EXERCISE REQUIREMENTS: Without the pictures, set down every record below exactly as it reads.

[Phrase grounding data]
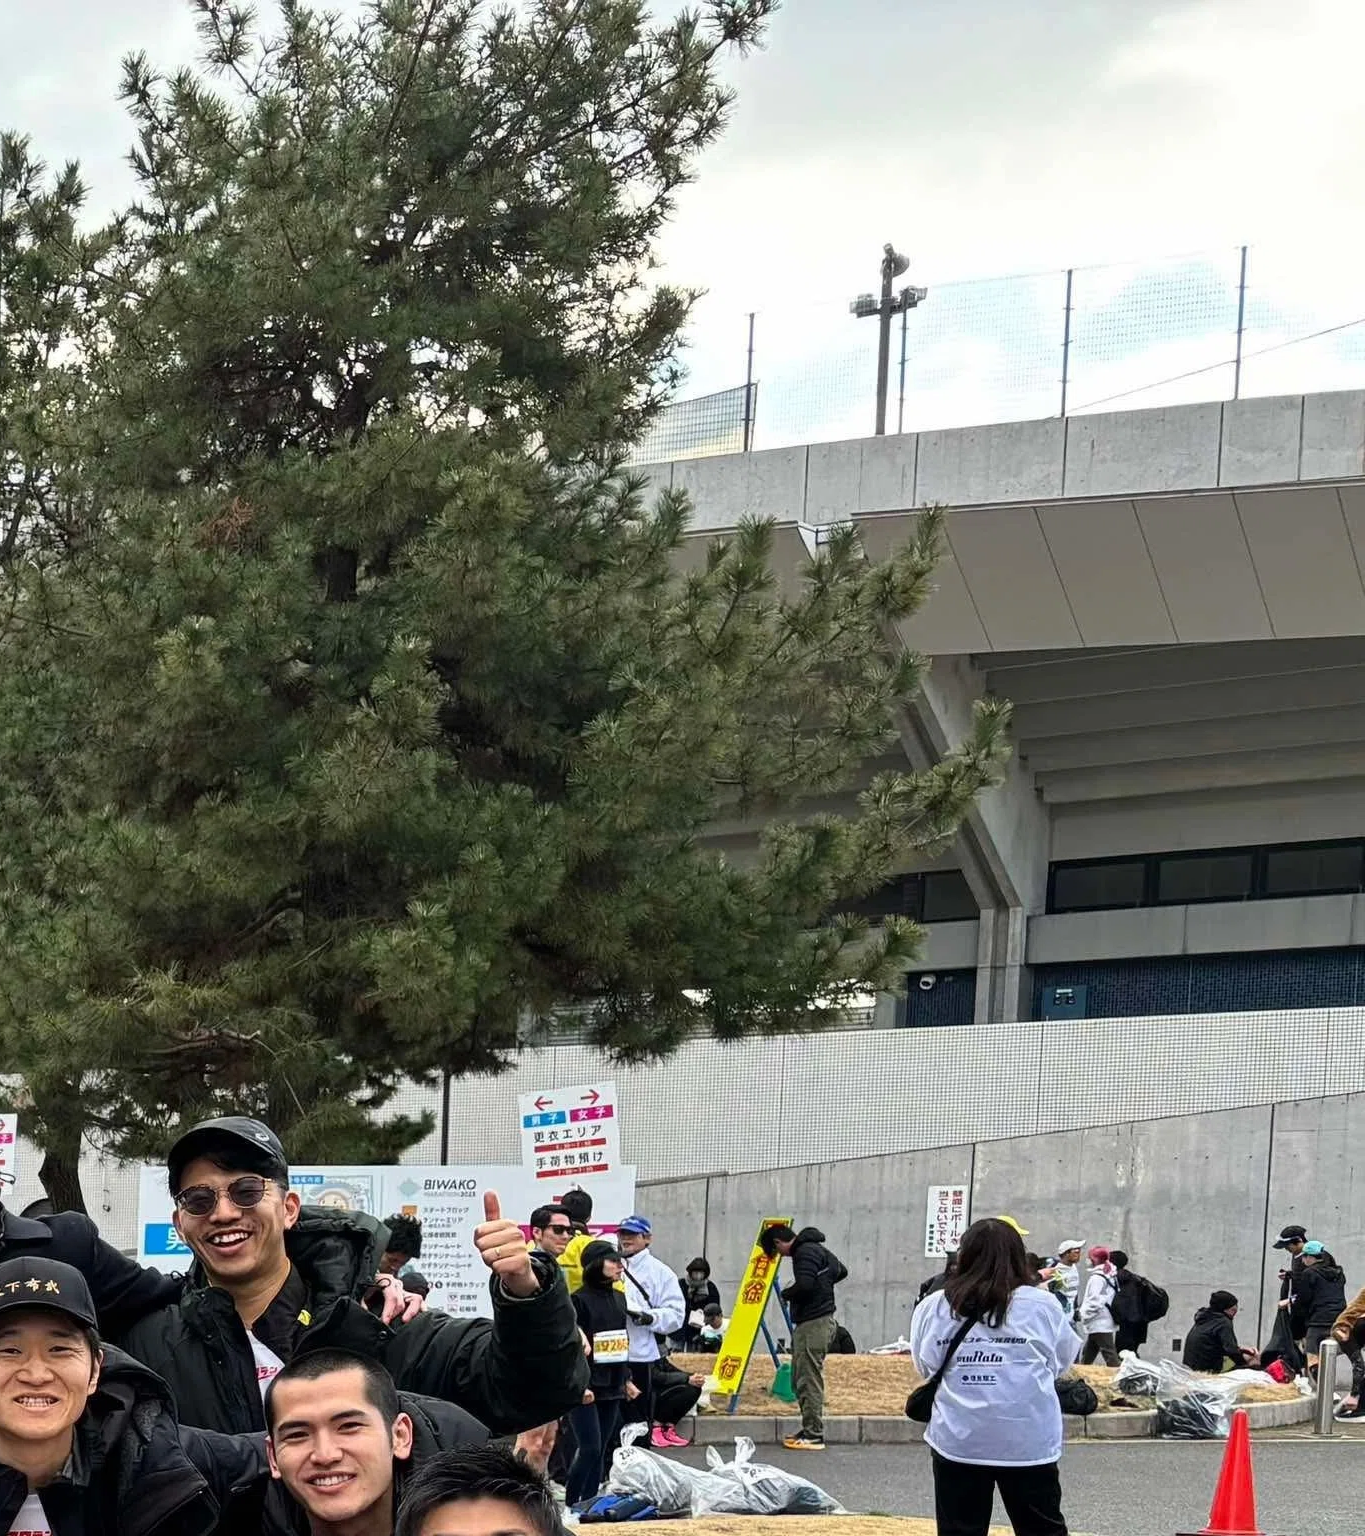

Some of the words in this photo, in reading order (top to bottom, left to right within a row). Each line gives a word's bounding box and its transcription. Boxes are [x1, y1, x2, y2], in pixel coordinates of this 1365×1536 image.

[534, 1125, 602, 1143] 更衣エリア
[536, 1151, 604, 1169] 手荷物預け
[423, 1179, 477, 1190] BIWAKO
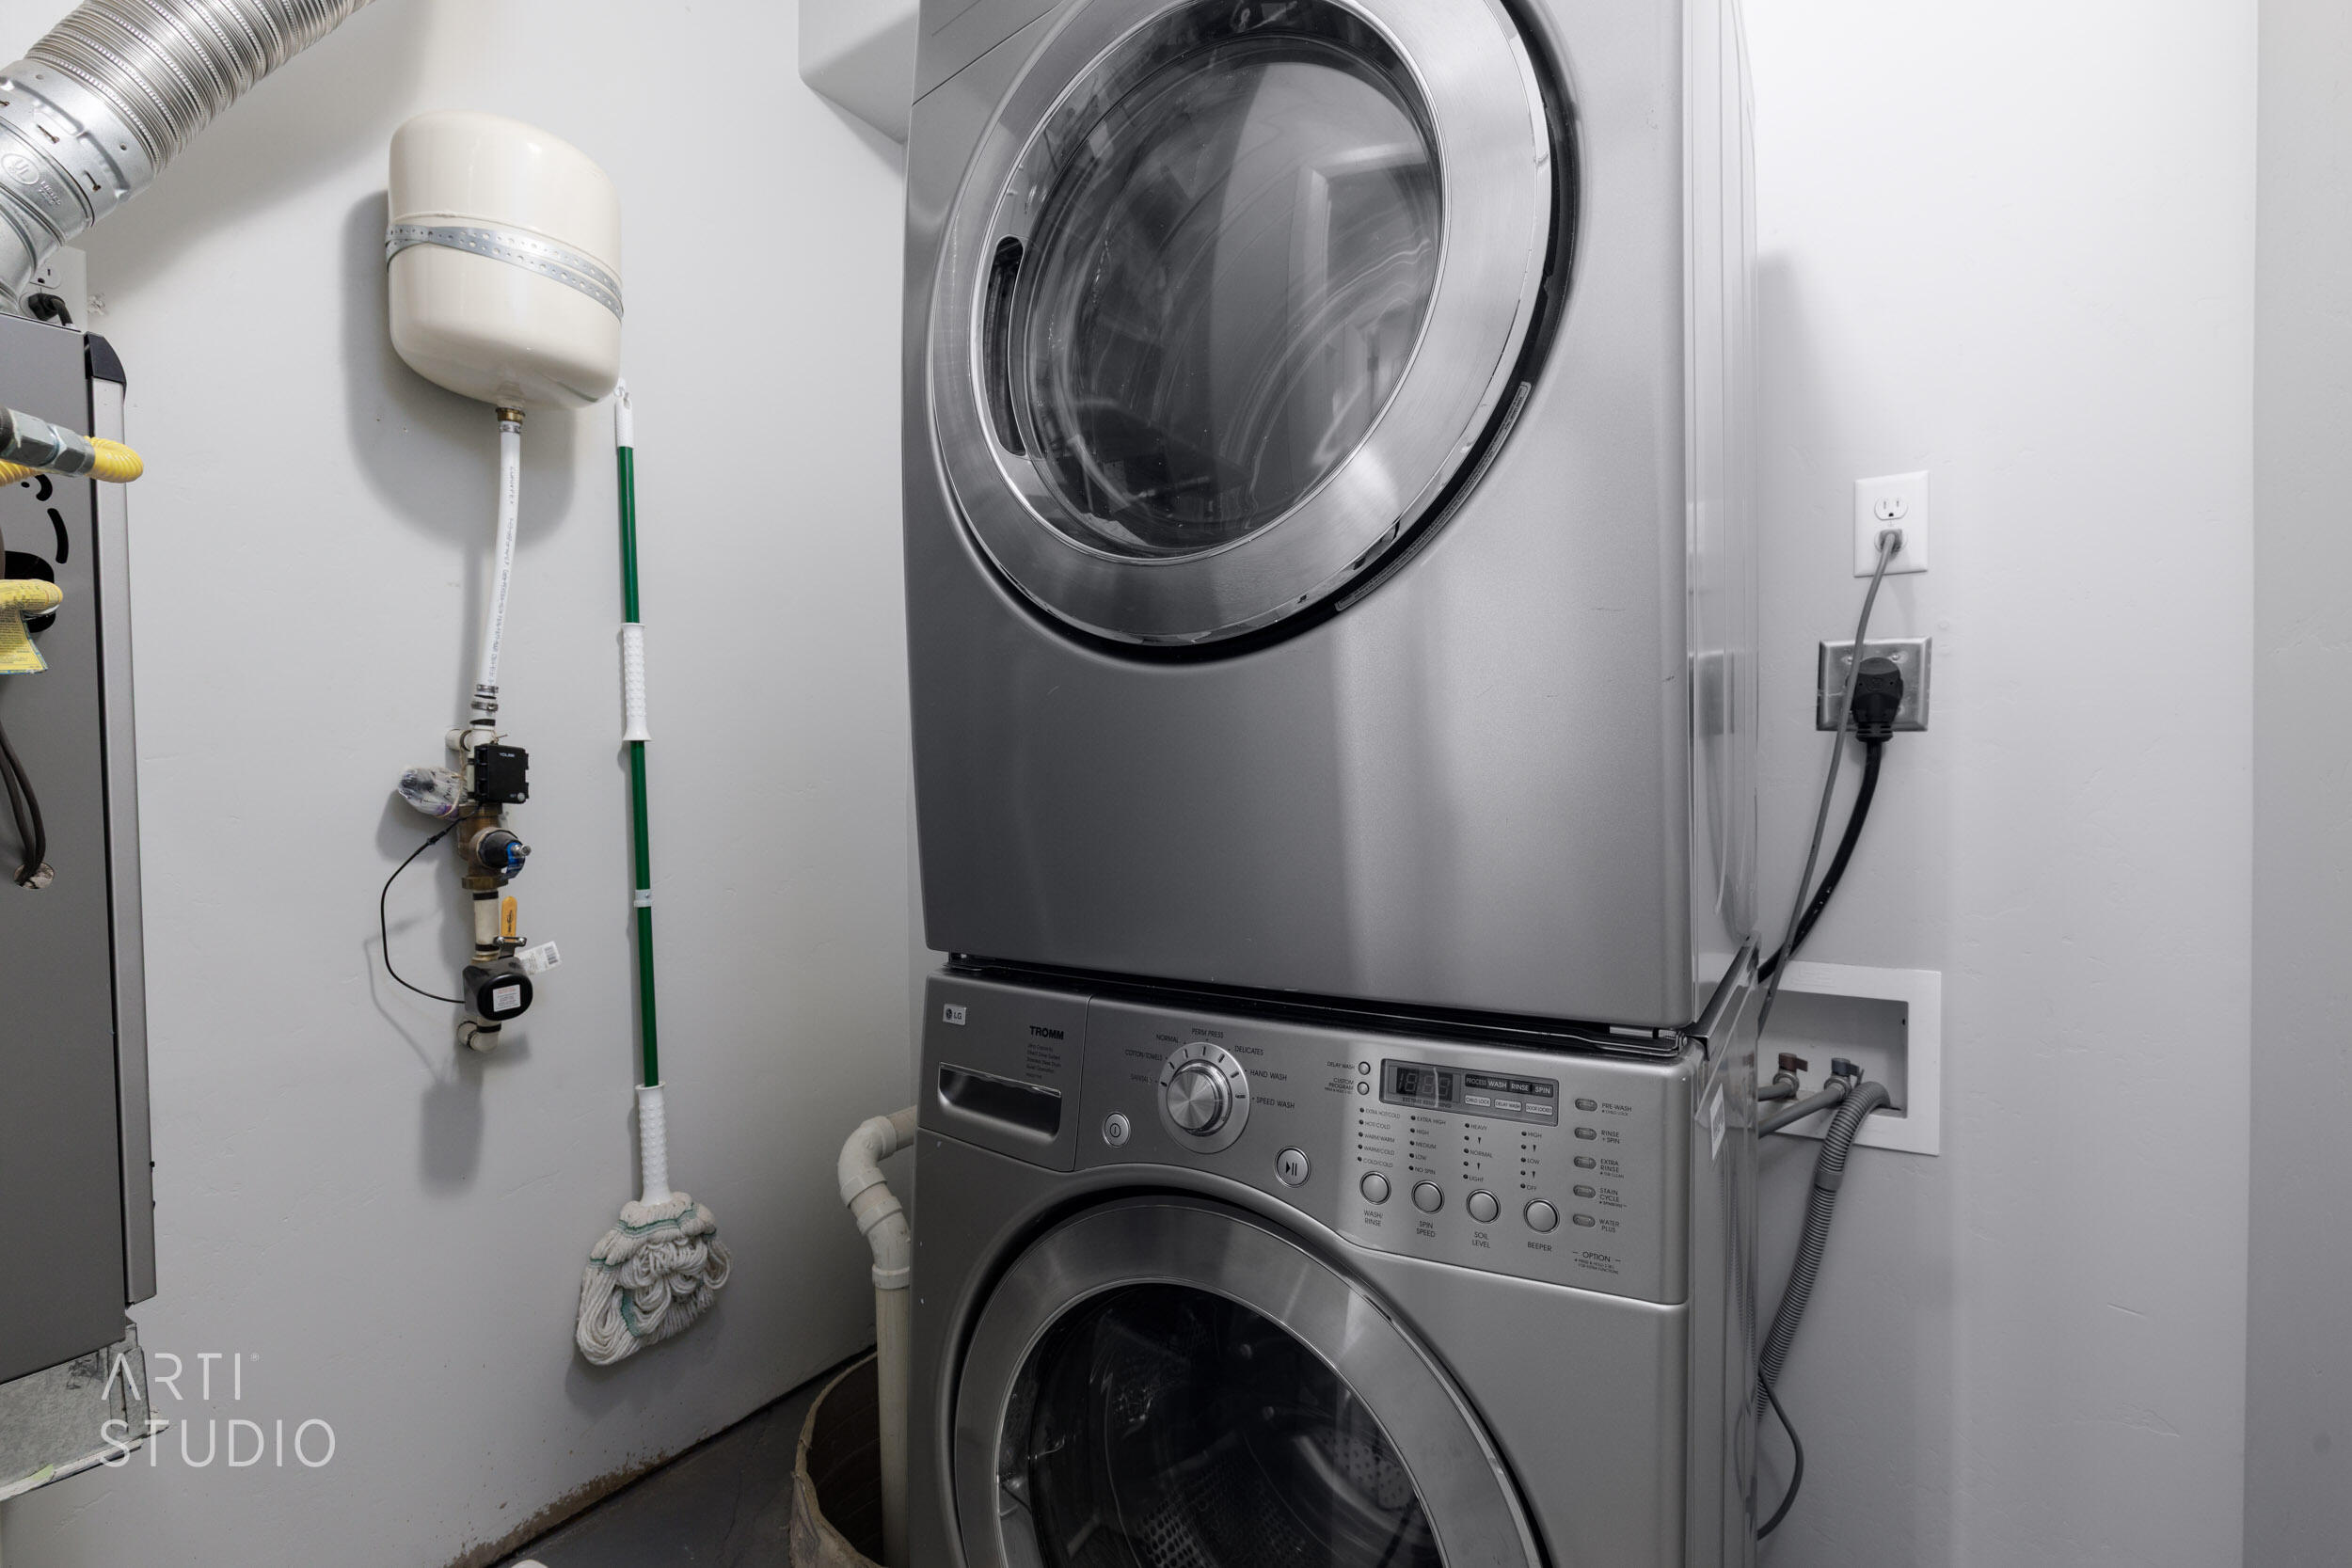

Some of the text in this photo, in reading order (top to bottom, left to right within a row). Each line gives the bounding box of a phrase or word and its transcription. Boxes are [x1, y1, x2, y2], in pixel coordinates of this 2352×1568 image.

[953, 1011, 962, 1020] LG
[1029, 1025, 1065, 1040] TROMM
[1191, 1027, 1224, 1038] PERM PRESS
[1156, 1034, 1179, 1043] NORMAL
[1234, 1045, 1264, 1055] DELICATES
[1249, 1069, 1288, 1081] HAND WASH
[1488, 1080, 1507, 1088] WASH
[1511, 1083, 1529, 1091] RINSE
[1534, 1085, 1550, 1094] SPIN
[1256, 1096, 1295, 1109] SPEED WASH
[1602, 1102, 1632, 1112] PRE-WASH
[1470, 1149, 1493, 1158] NORMAL
[1600, 1164, 1619, 1173] RINSE
[1364, 1218, 1382, 1227] RINSE
[1419, 1220, 1433, 1228] SPIN
[1416, 1227, 1436, 1238] SPEED
[1474, 1231, 1488, 1240] SOIL
[1472, 1239, 1490, 1248] LEVEL
[1527, 1242, 1552, 1252] BEEPER
[1582, 1251, 1611, 1262] OPTION
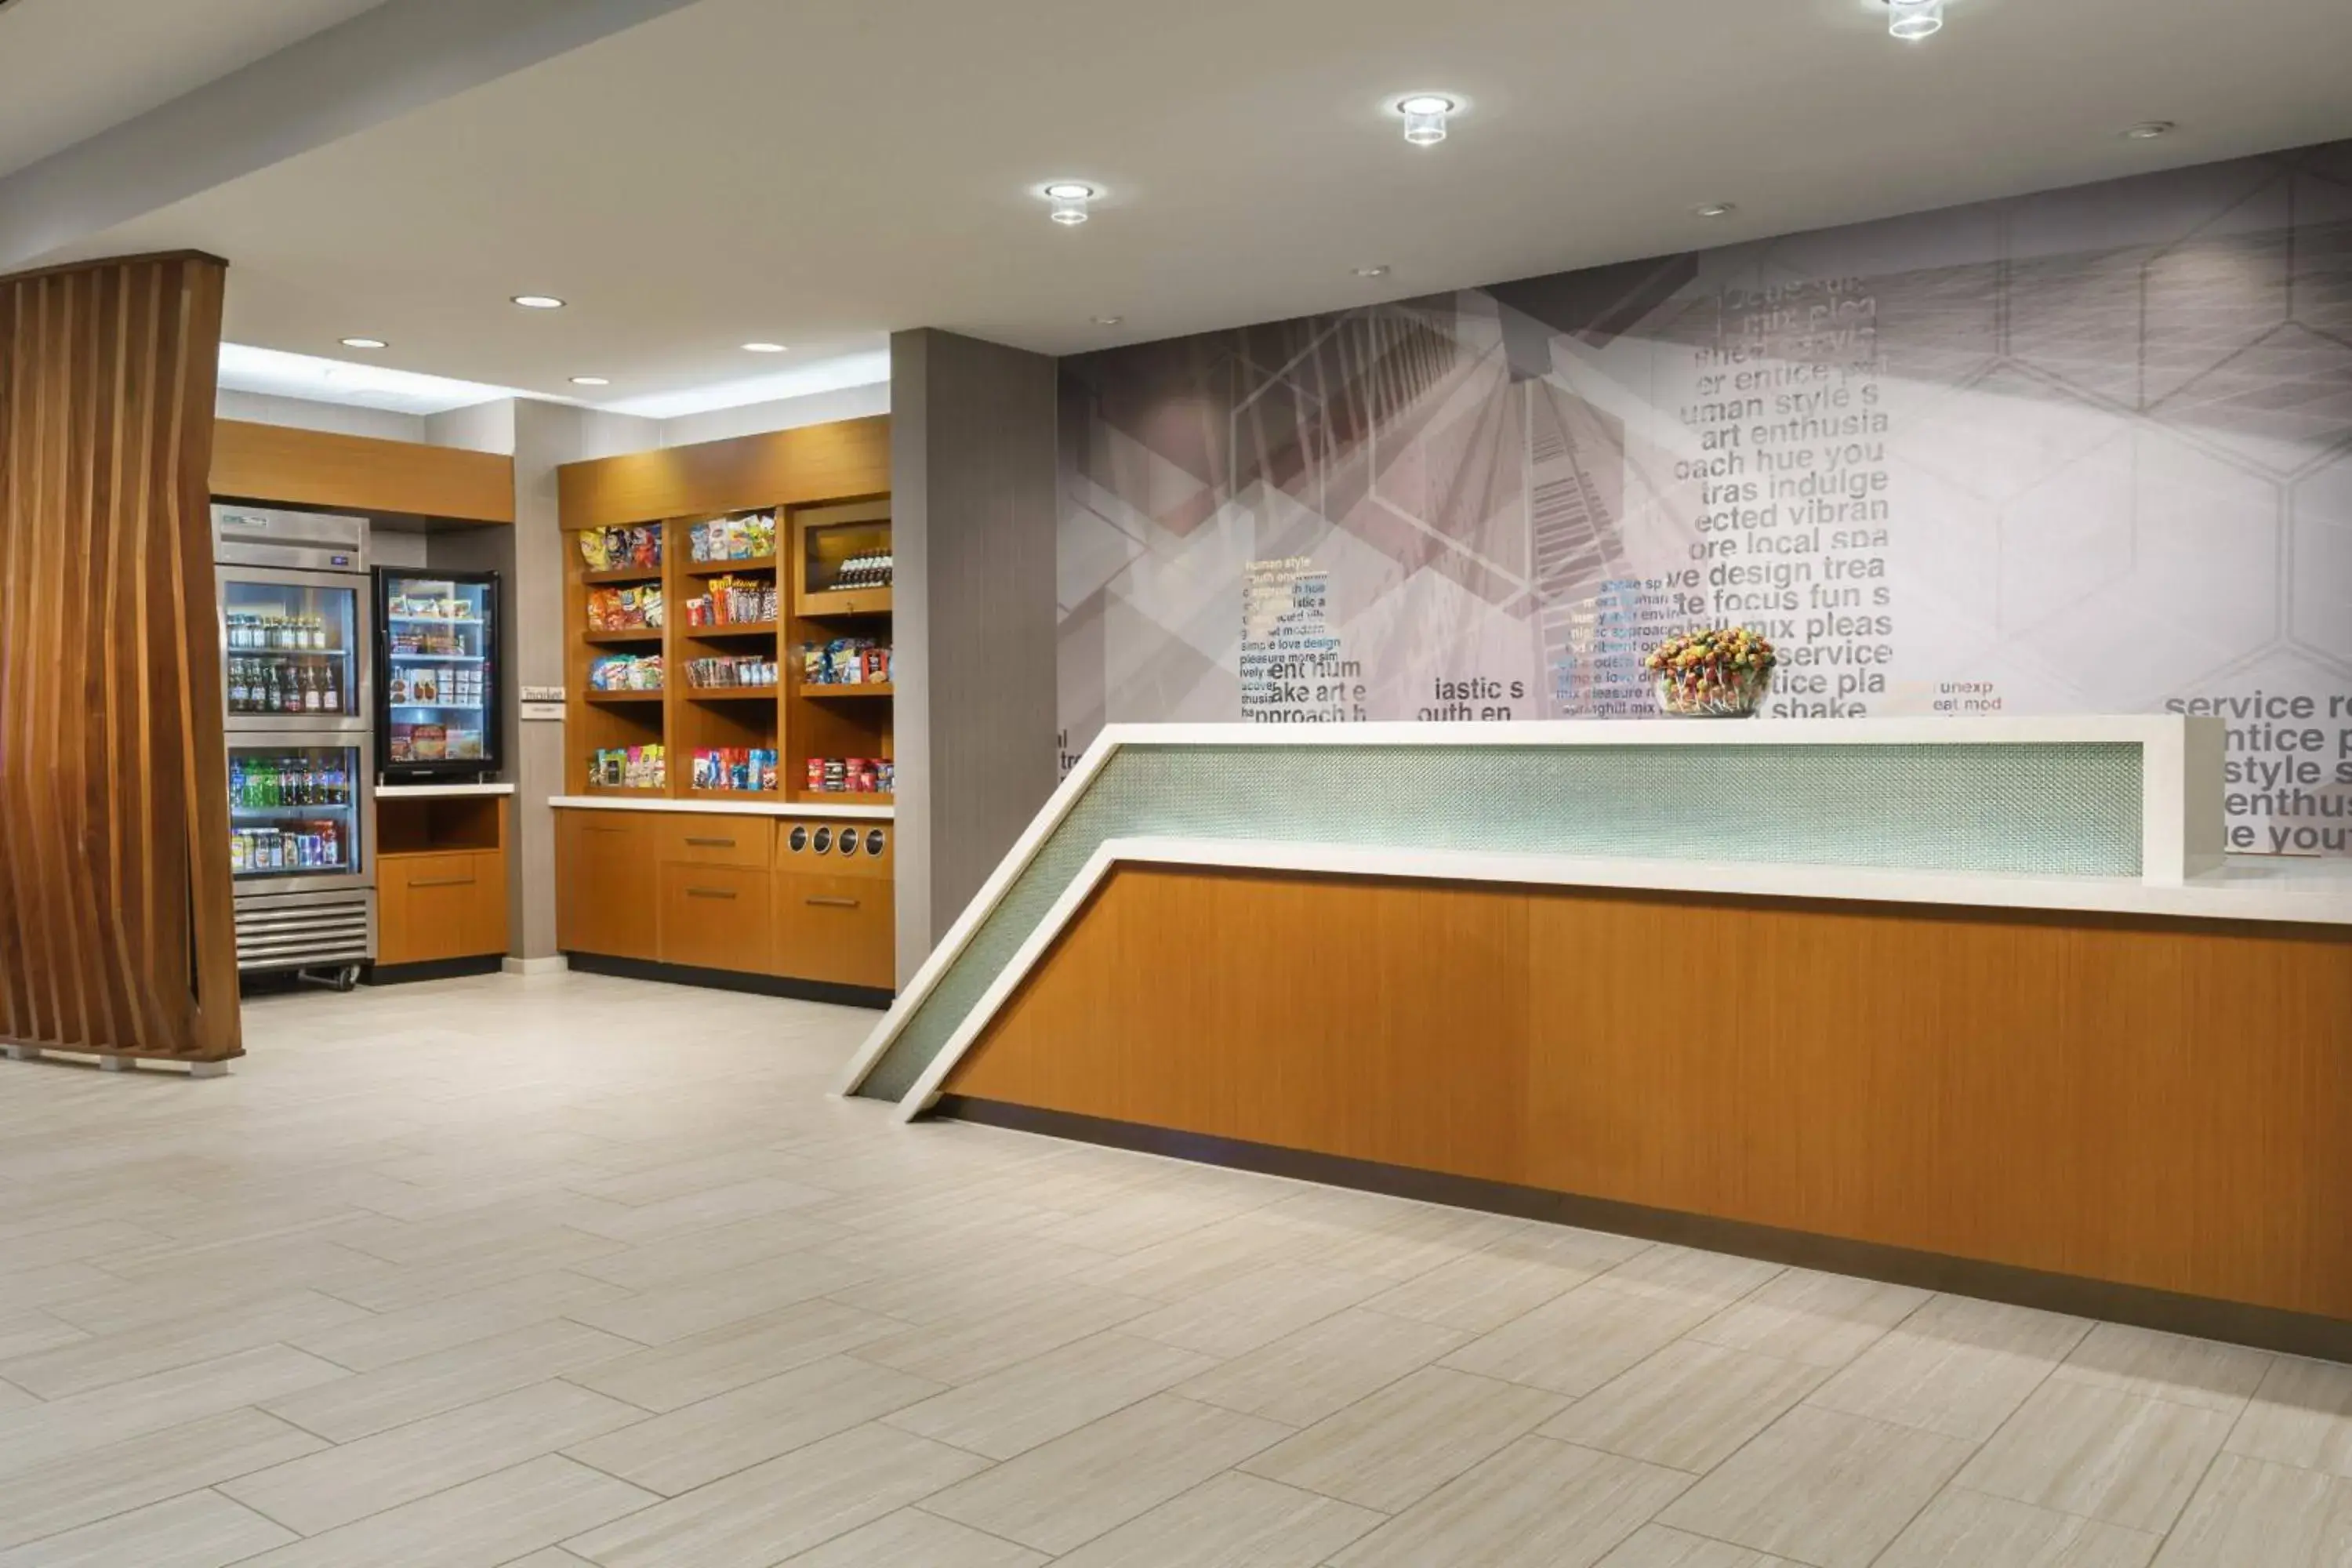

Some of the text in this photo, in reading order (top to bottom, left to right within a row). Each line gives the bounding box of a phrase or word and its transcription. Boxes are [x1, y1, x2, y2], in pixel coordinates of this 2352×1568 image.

OUTPUT OF THE TASK:
Some of the words in this photo, in reading order (top to bottom, left to right within a row). Each line gives a word's bounding box and its transcription. Boxes are [x1, y1, x2, y2], in pixel coordinates of this 1365×1536 image.

[534, 1125, 602, 1143] 更衣エリア
[536, 1151, 604, 1169] 手荷物預け
[423, 1179, 477, 1190] BIWAKO

Some of the text in this photo, in reading order (top to bottom, left to right within a row). Each line gives the bounding box of a phrase or word and its transcription. Boxes are [x1, y1, x2, y2], in pixel coordinates of this 2352×1568 image.

[953, 1011, 962, 1020] LG
[1029, 1025, 1065, 1040] TROMM
[1191, 1027, 1224, 1038] PERM PRESS
[1156, 1034, 1179, 1043] NORMAL
[1234, 1045, 1264, 1055] DELICATES
[1249, 1069, 1288, 1081] HAND WASH
[1488, 1080, 1507, 1088] WASH
[1511, 1083, 1529, 1091] RINSE
[1534, 1085, 1550, 1094] SPIN
[1256, 1096, 1295, 1109] SPEED WASH
[1602, 1102, 1632, 1112] PRE-WASH
[1470, 1149, 1493, 1158] NORMAL
[1600, 1164, 1619, 1173] RINSE
[1364, 1218, 1382, 1227] RINSE
[1419, 1220, 1433, 1228] SPIN
[1416, 1227, 1436, 1238] SPEED
[1474, 1231, 1488, 1240] SOIL
[1472, 1239, 1490, 1248] LEVEL
[1527, 1242, 1552, 1252] BEEPER
[1582, 1251, 1611, 1262] OPTION

Some of the text in this photo, in reading order (top to bottom, left to right within a row). Each line gives the bounding box of a phrase or word and its transcription. Boxes are [x1, y1, x2, y2], in pixel coordinates of this 2352×1568 image.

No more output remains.